Clearly he did not want to do so.
Which brings us to the second point in this intimate but necessary plea. This is not a roman à clef It is a work of fiction, purely and completely. One thing which is something of an innovation has to be noted. A great number of real people are actually named in this story. It is, the author submits, impossible to get the full effect of contemporary life in which living ideas and movements playa dominant part without doing that. You cannot have a man like William Clissold going about the world of to-day and never meeting anybody one has ever heard of. Some of these living personages are not only mentioned but more or less described. But always under their proper names. Dr. Jung is made to talk in a London flat. It is very much as he talked in a London flat. He appears because certain original ideas of his have been taken and woven into the Clissold point of view, and it was at once ungracious not to acknowledge the far-reaching suggestions that came from him and clumsy and self-important to make a footnote or a prefatory note. Shaw, again, the Shaw of the ‘eighties, blows into a Kensington evening, and Keynes lunches with Clissold. These are affectionate hospitalities; they do not wound nor injure and can awaken no resentment.
With one transparent exception, the vignette of a great scientific man at home in Book I., which is partially a portrait, every character that appears in the book under a fictitious name is an entirely fictitious character. The more nearly they may approach to living instances, the more fictitious they are. They say and do things that living people are saying and doing. That is inevitable in a picture of contemporary life. If one were to write a story in which a Prime Minister had to figure during the Balfour regime, it would be necessary to have a Prime Minister rather like Lord Balfour–or everything would have to be different. If an August Personage has to descend into the narrative, it would have to be drawn to the figure of the August Personage of the period. A beggar or a policeman must be something like some beggar or policeman one actually knows. People must be more or less similar to real people up and down the scale, so long as one is writing a novel and not a fantasy. But though you made your Prime Minister as Balfouresque as possible or your Prince as princely, it would be for atmosphere and not for statement, and the last imputation that is permissible against a novelist is that he is trying to say or insinuate this or that about an individual without daring to say it plainly and directly to the proper address. Cannot this sort of imputation be checked?
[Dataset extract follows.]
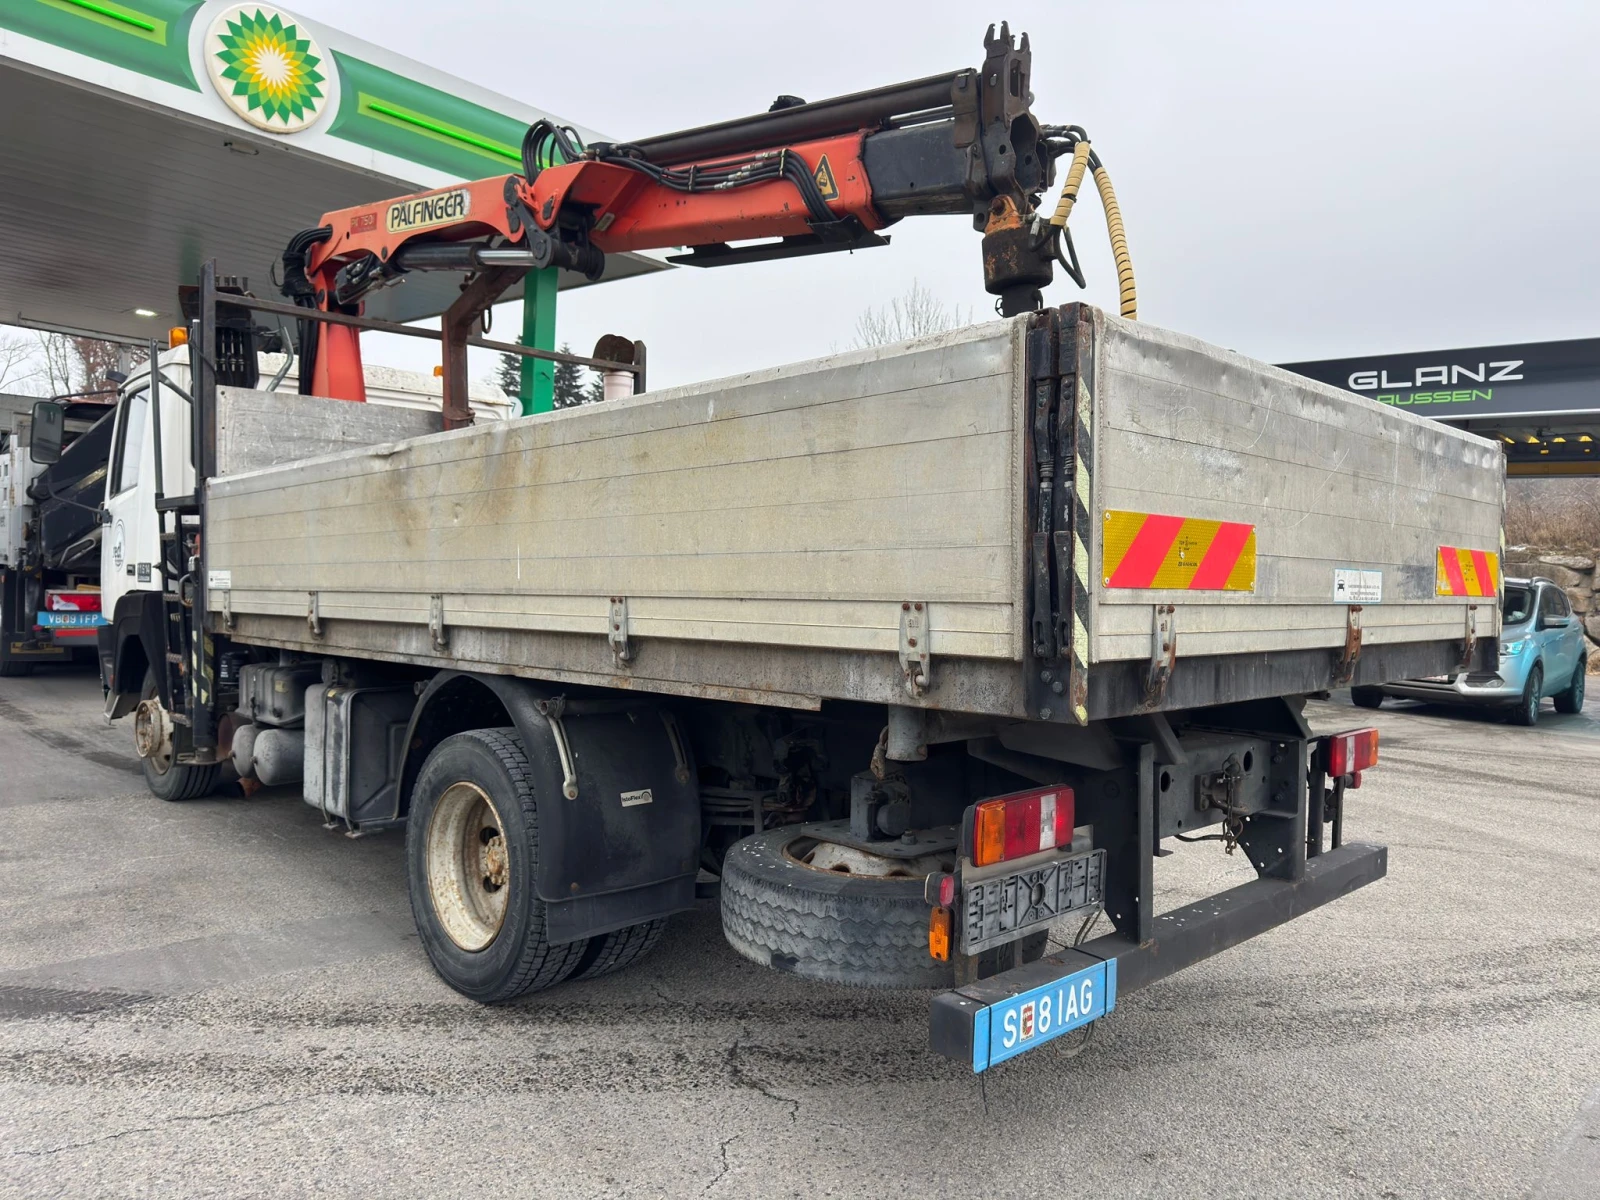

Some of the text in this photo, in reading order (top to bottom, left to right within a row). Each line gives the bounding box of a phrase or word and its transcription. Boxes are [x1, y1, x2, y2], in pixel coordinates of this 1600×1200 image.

Cannot those who criticise books and write about books cease to pander to that favourite amusement of vulgar, half-educated, curious, but ill-informed people, the hunt for the imaginary “originals” of every fictitious character for those who will, for example, discover in the present case that X or Y or Z, who is an advertising specialist, “sat for” the brother Dickon of this story, or that Lady Steinhart is some particular resident in Cannes or Nice–because she has a large garden? And that it is all great fun and very malicious and not for a moment to be treated as serious literature. This identification of “originals” is an old trick of the Victorian novelist and publisher; it was, I suppose, an attempt to enhance interest by that faint intimation of libel. It is really not just to the spirit and intention of a book of this type.
An inanimate instance from this book will make the matter clearer without touching upon any personal note. There is written here the most exact and detailed description of the mas, which is the scene of nearly the whole novel. Rooms in that house are described, bits of its garden, the view from the windows. It is possible to locate that mas within a few miles of Grasse; it is possible to find not one but a score of views closely similar to the view pictured so explicitly, a similar mas is to be found. But the actual mas no one will ever find, nor the precise rooms, nor the exact view. That mas does not exist. That view does not exist. It is the case of Mr. Britling’s home over again, which everyone who did not know Mr. Wells’ home in Essex very well, knew so surely was an exact account of Easton Glebe. The less these identifiers knew about it, the more they appreciated the photographic quality of the picture. The less they knew Mr. Wells, the more certainly they recognised him in Mr. Britling. Enthusiastic strangers still invade Mr. Wells at times with the demand to see the place where he wept when he heard that his eldest son was killed. It is embarrassing to encounter such intrusive sympathy for an entirely imaginary loss. And matters become complicated when “originals” volunteer and surrender to the detectives. A charming contemporary has just confided to the world that she was the “original” of Beatrice in Tono Bungay. It is the first intimation that has reached the author of this interesting fact. No one would have suspected it.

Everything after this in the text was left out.